Pressure on a paua fishery north of Dunedin has prompted a group to ask the Fisheries Minister to close an area of East Otago coastline to gathering of the popular species.
But a recreational paua diver says if the area is closed, it should remain closed for everyone, including those allowed a customary take.
East Otago Taiapure management committee chairman Brendan Flack, of Karitane, said as paua numbers began declining in the taiapure area – which spans from Purakaunui to Waikouaiti – paua was rarely served in his marae, Kati Huirapa Runaka ki Puketeraki.
“We have the ability to write authorisations for customary take, and for many years now we have limited our take of paua because we have to stand as the example.”
A scientific survey of paua in the area, and observations from the community, revealed paua numbers in the taiapure area were declining, he said.
In a bid to “rebuild” the paua fishery, the committee had lodged a recommendation with Fisheries Minister Stuart Nash to close the area to recreational and commercial paua-gathering.
“If we don’t do anything, in six years, we won’t have to do anything because we won’t have a paua fishery to manage.

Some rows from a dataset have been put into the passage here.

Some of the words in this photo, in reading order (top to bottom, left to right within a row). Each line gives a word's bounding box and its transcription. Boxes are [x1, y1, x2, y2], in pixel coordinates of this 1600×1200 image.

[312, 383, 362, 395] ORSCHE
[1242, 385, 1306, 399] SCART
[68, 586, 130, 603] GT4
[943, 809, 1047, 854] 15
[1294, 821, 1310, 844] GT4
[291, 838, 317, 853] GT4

They will be gone,” Mr Flack said.
He hoped the closure would be in effect by October but if it was approved, the right for customary take would be retained.
However, paua harvesting for customary take would be considered only if the committee had “confidence” the paua fishery was “rebuilding”, he said.

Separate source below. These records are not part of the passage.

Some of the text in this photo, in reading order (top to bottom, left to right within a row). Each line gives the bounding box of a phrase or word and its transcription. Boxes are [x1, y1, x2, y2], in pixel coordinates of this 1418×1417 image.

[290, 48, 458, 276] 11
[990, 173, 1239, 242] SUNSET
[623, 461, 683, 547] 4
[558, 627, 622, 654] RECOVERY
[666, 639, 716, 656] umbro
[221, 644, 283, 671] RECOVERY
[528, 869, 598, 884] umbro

In 2007, the committee had a regulation approved to reduce the bag limits on seafood in the taiapure area, including cutting the recreational daily bag limit of paua from 10 to 5.

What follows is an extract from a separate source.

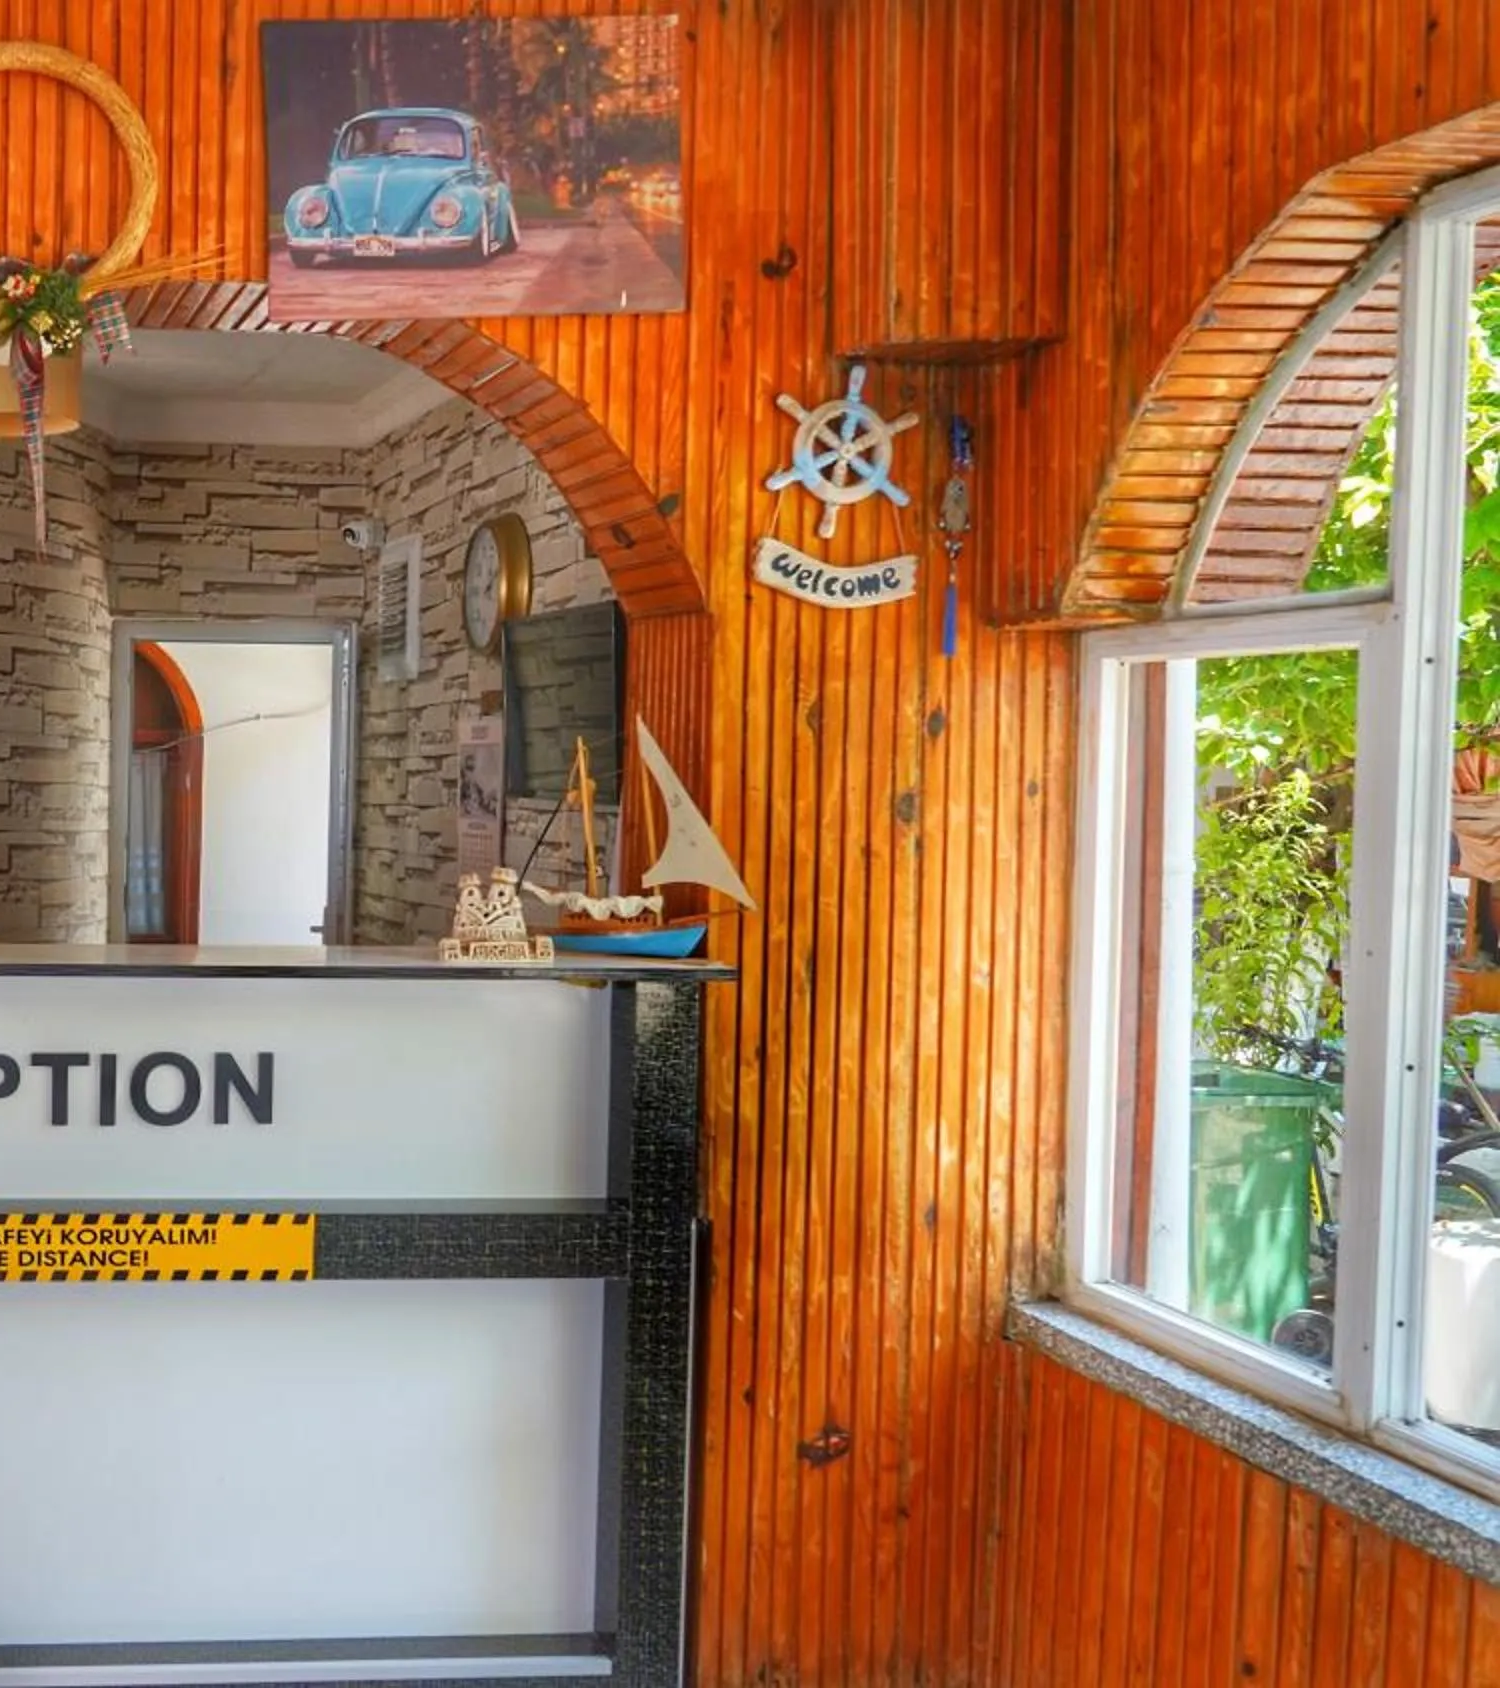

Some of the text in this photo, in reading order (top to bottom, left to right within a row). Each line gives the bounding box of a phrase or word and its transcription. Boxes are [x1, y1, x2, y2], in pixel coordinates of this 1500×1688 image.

[771, 553, 900, 597] welcome
[60, 1228, 218, 1246] KORUYALIM!
[17, 1249, 149, 1267] DISTANCE!

Commercial fishers had agreed to stop harvesting paua in the taiapure area about two years ago, he said.
Despite the reduced bag limit and commercial fishers leaving the area, paua numbers continued to fall, he said.
Paua had become a “fashionable” food item for recreational fishers.
As wetsuits got warmer and cheaper, it “dramatically” increased the number of recreational fishers targeting the species, he said.
“So all the regulation is doing is slowing down the inevitable.”
East Otago Fishing Club president Eric Boock, of Dunedin, said he was “dead against” the closure if the fishery remained open for customary take.
“It’s just keeping it for themselves .. if they want to shut it, that’s fine, but shut it for everyone or not at all.”
Mr Boock said he was speaking as a recreational fisher rather than club president.
He learned to dive in the taiapure area about 40 years ago and believed people abusing the privilege of the customary take was a major part of the paua fishery being in “bad shape”.
A Ministry of Primary Industries spokeswoman said over the next month the minister and ministry would work with the committee to confirm the final proposals.
“Wide public consultation on the proposals will occur before the minister makes any decisions to agree to or decline the proposal.”
A taiapure is a management tool established in an area customarily of special significance to an iwi or hapu, as a source of food, or for spiritual or cultural reasons.
The East Otago Taiapure committee, set up in 1999, is made up of representatives from the East Otago Boating Club, Kati Huirapa Runaka ki Puketeraki, Karitane Commercial Fisherman’s Co-operative, Rivercare-Estuary Care: Waikouaiti-Karitane and the University of Otago.